Llegaron los camilleros y lo condujeron al pasillo del hospital desde una noche de avenidas y luces donde se prometía no indagar nunca más en territorio impúber. Afuera se escuchaba la sirena de una ambulancia que llegaba, las enfermeras y los médicos corrían a su lado, giró la cabeza y miró el piso sucio, papeles en los rincones, vasos plásticos, manchas de yodo y sangre, alguien se quejaba. Quiso preguntar qué sucedía, pero iban muy rápido. Las luces en el techo del pasillo pasan como focos de autos, al fin tropiezan con una puerta que se abre en dos, están en el pabellón. Allí todos visten de verde y tienen gorros que cubren sus pelos, alguien gira órdenes —¡Rápido, rápido!— Jasser piensa que quizás existe una manera de detener aquello y grita que tiene esposa, hermanos, amigos, tíos, que los llamen, que no está solo.
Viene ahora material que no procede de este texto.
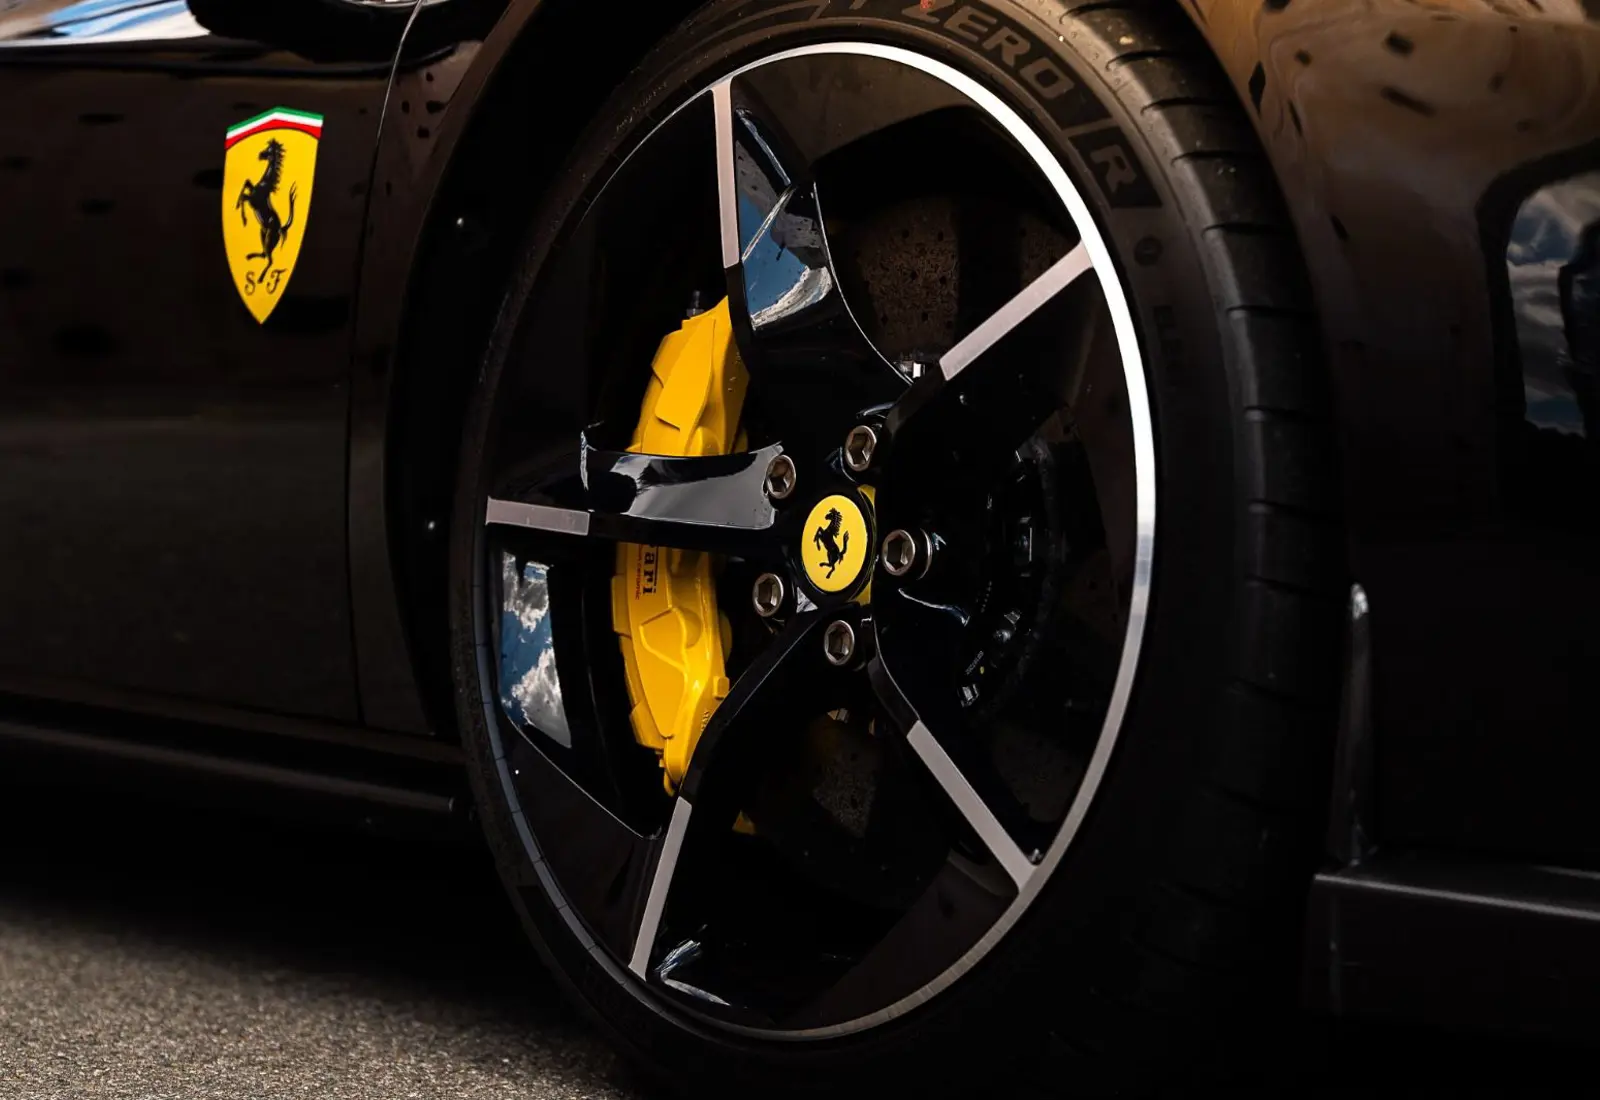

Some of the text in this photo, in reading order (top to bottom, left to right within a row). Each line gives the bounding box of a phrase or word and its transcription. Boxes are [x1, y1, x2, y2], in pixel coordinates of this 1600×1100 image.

[1090, 144, 1138, 194] R
[244, 268, 287, 296] S F
Comienza a temblar convulsivamente. El anestesiólogo le palmea una pierna y le pregunta, mientras se lleva un trozo de pan a la boca:
—¿Tienes miedo, campeón? —Jasser mueve la cabeza afirmativamente, el anestesiólogo concluye:
—No te preocupes, que yo tengo más miedo que tú—. Introduce una jeringa en un boquete de salida de la botella de suero y comienza a presionar el émbolo. Jasser siente que el cuarto se vacía, las voces y los hombres se escuchan en otra parte, en otro lugar del hospital. No queda nadie junto a él en el quirófano, está a solas con Dios y no sabe si debe reclamarle, rendirle cuentas o llorar.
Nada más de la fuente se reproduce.